EXERCISE BRIEF =>
Beginning with the first entry, print all the records exactly.
BEGIN RECORD EXCERPTS
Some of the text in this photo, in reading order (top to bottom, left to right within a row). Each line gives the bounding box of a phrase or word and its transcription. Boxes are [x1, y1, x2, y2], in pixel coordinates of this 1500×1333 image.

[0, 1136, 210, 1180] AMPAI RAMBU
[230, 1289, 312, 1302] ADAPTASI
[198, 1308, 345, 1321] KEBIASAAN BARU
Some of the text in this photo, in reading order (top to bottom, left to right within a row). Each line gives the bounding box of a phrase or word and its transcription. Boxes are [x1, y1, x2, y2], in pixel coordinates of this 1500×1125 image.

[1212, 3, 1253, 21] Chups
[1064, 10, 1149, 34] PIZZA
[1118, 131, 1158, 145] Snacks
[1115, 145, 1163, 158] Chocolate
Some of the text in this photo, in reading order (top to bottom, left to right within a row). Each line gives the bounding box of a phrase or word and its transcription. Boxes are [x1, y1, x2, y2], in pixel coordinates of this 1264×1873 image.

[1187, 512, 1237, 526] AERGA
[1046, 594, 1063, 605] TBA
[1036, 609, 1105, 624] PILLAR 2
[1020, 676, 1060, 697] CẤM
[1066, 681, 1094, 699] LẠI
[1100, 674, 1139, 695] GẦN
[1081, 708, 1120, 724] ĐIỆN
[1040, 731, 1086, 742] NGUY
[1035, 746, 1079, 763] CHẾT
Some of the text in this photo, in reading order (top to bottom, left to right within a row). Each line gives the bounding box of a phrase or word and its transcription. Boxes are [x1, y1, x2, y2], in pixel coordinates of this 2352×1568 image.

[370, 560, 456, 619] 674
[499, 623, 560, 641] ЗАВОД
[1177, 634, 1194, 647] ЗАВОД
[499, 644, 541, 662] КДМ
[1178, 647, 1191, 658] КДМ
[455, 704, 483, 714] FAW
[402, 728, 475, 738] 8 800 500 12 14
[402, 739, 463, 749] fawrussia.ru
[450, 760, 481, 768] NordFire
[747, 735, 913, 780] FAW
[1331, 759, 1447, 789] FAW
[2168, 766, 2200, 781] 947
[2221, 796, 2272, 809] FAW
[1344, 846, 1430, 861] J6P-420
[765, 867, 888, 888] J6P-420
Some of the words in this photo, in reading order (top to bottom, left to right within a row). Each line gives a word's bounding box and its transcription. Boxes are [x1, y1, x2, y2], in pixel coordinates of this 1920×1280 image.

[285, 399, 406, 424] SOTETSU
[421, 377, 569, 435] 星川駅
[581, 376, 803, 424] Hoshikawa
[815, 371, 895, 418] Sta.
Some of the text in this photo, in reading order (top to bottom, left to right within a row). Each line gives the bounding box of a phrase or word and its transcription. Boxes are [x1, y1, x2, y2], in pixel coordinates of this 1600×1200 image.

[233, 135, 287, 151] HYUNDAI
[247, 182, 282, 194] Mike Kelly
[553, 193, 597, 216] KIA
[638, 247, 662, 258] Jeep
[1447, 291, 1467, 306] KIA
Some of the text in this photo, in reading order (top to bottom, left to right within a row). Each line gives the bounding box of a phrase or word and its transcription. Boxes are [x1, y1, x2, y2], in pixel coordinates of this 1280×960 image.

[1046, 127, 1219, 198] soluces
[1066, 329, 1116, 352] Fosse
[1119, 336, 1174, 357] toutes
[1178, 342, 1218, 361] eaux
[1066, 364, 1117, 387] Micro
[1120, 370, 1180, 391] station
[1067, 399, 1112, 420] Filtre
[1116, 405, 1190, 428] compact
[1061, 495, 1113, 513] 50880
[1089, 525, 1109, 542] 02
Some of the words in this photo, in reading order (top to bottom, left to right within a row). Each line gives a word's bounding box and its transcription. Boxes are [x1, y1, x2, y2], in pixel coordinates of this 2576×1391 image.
END RECORD EXCERPTS
RESPONSE TO THE EXERCISE =>
Some of the text in this photo, in reading order (top to bottom, left to right within a row). Each line gives the bounding box of a phrase or word and its transcription. Boxes are [x1, y1, x2, y2], in pixel coordinates of this 1500×1333 image.

[0, 1136, 210, 1180] AMPAI RAMBU
[230, 1289, 312, 1302] ADAPTASI
[198, 1308, 345, 1321] KEBIASAAN BARU
Some of the text in this photo, in reading order (top to bottom, left to right within a row). Each line gives the bounding box of a phrase or word and its transcription. Boxes are [x1, y1, x2, y2], in pixel coordinates of this 1500×1125 image.

[1212, 3, 1253, 21] Chups
[1064, 10, 1149, 34] PIZZA
[1118, 131, 1158, 145] Snacks
[1115, 145, 1163, 158] Chocolate
Some of the text in this photo, in reading order (top to bottom, left to right within a row). Each line gives the bounding box of a phrase or word and its transcription. Boxes are [x1, y1, x2, y2], in pixel coordinates of this 1264×1873 image.

[1187, 512, 1237, 526] AERGA
[1046, 594, 1063, 605] TBA
[1036, 609, 1105, 624] PILLAR 2
[1020, 676, 1060, 697] CẤM
[1066, 681, 1094, 699] LẠI
[1100, 674, 1139, 695] GẦN
[1081, 708, 1120, 724] ĐIỆN
[1040, 731, 1086, 742] NGUY
[1035, 746, 1079, 763] CHẾT
Some of the text in this photo, in reading order (top to bottom, left to right within a row). Each line gives the bounding box of a phrase or word and its transcription. Boxes are [x1, y1, x2, y2], in pixel coordinates of this 2352×1568 image.

[370, 560, 456, 619] 674
[499, 623, 560, 641] ЗАВОД
[1177, 634, 1194, 647] ЗАВОД
[499, 644, 541, 662] КДМ
[1178, 647, 1191, 658] КДМ
[455, 704, 483, 714] FAW
[402, 728, 475, 738] 8 800 500 12 14
[402, 739, 463, 749] fawrussia.ru
[450, 760, 481, 768] NordFire
[747, 735, 913, 780] FAW
[1331, 759, 1447, 789] FAW
[2168, 766, 2200, 781] 947
[2221, 796, 2272, 809] FAW
[1344, 846, 1430, 861] J6P-420
[765, 867, 888, 888] J6P-420
Some of the words in this photo, in reading order (top to bottom, left to right within a row). Each line gives a word's bounding box and its transcription. Boxes are [x1, y1, x2, y2], in pixel coordinates of this 1920×1280 image.

[285, 399, 406, 424] SOTETSU
[421, 377, 569, 435] 星川駅
[581, 376, 803, 424] Hoshikawa
[815, 371, 895, 418] Sta.
Some of the text in this photo, in reading order (top to bottom, left to right within a row). Each line gives the bounding box of a phrase or word and its transcription. Boxes are [x1, y1, x2, y2], in pixel coordinates of this 1600×1200 image.

[233, 135, 287, 151] HYUNDAI
[247, 182, 282, 194] Mike Kelly
[553, 193, 597, 216] KIA
[638, 247, 662, 258] Jeep
[1447, 291, 1467, 306] KIA
Some of the text in this photo, in reading order (top to bottom, left to right within a row). Each line gives the bounding box of a phrase or word and its transcription. Boxes are [x1, y1, x2, y2], in pixel coordinates of this 1280×960 image.

[1046, 127, 1219, 198] soluces
[1066, 329, 1116, 352] Fosse
[1119, 336, 1174, 357] toutes
[1178, 342, 1218, 361] eaux
[1066, 364, 1117, 387] Micro
[1120, 370, 1180, 391] station
[1067, 399, 1112, 420] Filtre
[1116, 405, 1190, 428] compact
[1061, 495, 1113, 513] 50880
[1089, 525, 1109, 542] 02
Some of the words in this photo, in reading order (top to bottom, left to right within a row). Each line gives a word's bounding box and its transcription. Boxes are [x1, y1, x2, y2], in pixel coordinates of this 2576×1391 image.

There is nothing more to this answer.